Less a movie than a collection of “ho ho remember that” and “okay yeah I get it” fan service callbacks to earlier SCREAMs, SCREAM 5 even opens with a less scary retread of the first movie’s famous teaser with Drew Barrymore. This teen, Tara (Jenna Ortega), who is totally into “enhanced horror” like THE BABADOOK, survives the Ghostface attack, spurring her older sister Samantha (Melissa Barrera) and Sam’s boyfriend Richie (Jack Quaid) to return to Woodsboro, where Tara is hospitalized.
While Sam conducts her own investigation into Tara’s precocious high school friends, former Woodsboro sheriff Dewey Riley (David Arquette, still accompanied by Hans Zimmer’s BROKEN ARROW cue), a survivor of previous Ghostface attacks, checks in with ex-wife Gale Weathers (Courteney Cox), now a network television host, and Sydney Prescott (Neve Campbell), who seems to have adjusted well to her past trauma, which includes shooting to death a close relative in SCREAM 4.
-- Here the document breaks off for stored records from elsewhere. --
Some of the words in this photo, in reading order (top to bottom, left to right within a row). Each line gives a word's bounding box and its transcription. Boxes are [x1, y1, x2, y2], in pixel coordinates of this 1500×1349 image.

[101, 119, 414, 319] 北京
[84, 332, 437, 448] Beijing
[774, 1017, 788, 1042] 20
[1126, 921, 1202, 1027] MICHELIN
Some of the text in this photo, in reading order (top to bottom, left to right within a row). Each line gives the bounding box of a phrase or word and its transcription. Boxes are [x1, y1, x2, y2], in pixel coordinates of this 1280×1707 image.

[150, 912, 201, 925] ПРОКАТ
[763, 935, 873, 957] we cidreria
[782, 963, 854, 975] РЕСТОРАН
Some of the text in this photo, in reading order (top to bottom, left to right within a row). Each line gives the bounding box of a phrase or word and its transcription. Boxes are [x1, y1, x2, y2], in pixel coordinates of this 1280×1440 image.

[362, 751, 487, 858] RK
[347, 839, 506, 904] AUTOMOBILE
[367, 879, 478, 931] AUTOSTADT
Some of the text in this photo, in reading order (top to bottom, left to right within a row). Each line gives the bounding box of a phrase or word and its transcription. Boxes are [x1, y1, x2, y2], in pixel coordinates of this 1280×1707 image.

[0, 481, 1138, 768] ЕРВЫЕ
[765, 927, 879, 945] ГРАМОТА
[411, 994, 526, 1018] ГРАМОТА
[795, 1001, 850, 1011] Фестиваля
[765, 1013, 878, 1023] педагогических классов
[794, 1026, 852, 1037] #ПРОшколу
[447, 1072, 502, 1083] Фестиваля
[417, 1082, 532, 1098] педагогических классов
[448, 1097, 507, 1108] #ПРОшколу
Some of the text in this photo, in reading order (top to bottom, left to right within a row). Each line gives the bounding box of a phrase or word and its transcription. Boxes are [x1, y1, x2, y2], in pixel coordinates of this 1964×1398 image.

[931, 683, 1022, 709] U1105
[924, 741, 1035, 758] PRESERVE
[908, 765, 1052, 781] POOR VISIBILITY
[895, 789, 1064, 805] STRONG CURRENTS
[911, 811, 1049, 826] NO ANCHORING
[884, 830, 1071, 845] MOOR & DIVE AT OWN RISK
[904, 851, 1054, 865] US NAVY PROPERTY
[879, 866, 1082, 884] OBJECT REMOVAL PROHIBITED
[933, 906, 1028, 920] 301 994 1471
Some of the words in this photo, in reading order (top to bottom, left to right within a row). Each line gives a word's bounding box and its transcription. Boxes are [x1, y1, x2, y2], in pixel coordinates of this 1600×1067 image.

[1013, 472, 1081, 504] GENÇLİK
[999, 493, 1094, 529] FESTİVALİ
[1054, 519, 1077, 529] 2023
While the veteran SCREAMers have grown comfortably in their roles, bringing authentic mileage to their characters, the newcomers are awkward and unconvincing, stricken by some awful dialogue by screenwriters James Vanderbilt (THE AMAZING SPIDER-MAN) and Guy Busick (READY OR NOT), the worst of the SCREAM series. With Craven gone, SCREAM 5 is in the restless hands of co-directors Matt Bettinelli-Olpin and Tyler Gillett, whose superior READY OR NOT is, oddly, more faithful to the mix of scares and smiles in the original film’s DNA than this dismal sequel.
In the middle of the dull fan service and lazy plotting (the people of Woodsboro are remarkably incurious about police sirens blaring during the day in quiet residential neighborhoods) is Arquette’s remarkable performance, projecting human pain, loss, and regret in a movie that frankly doesn’t earn it. Long live Deputy Dewey.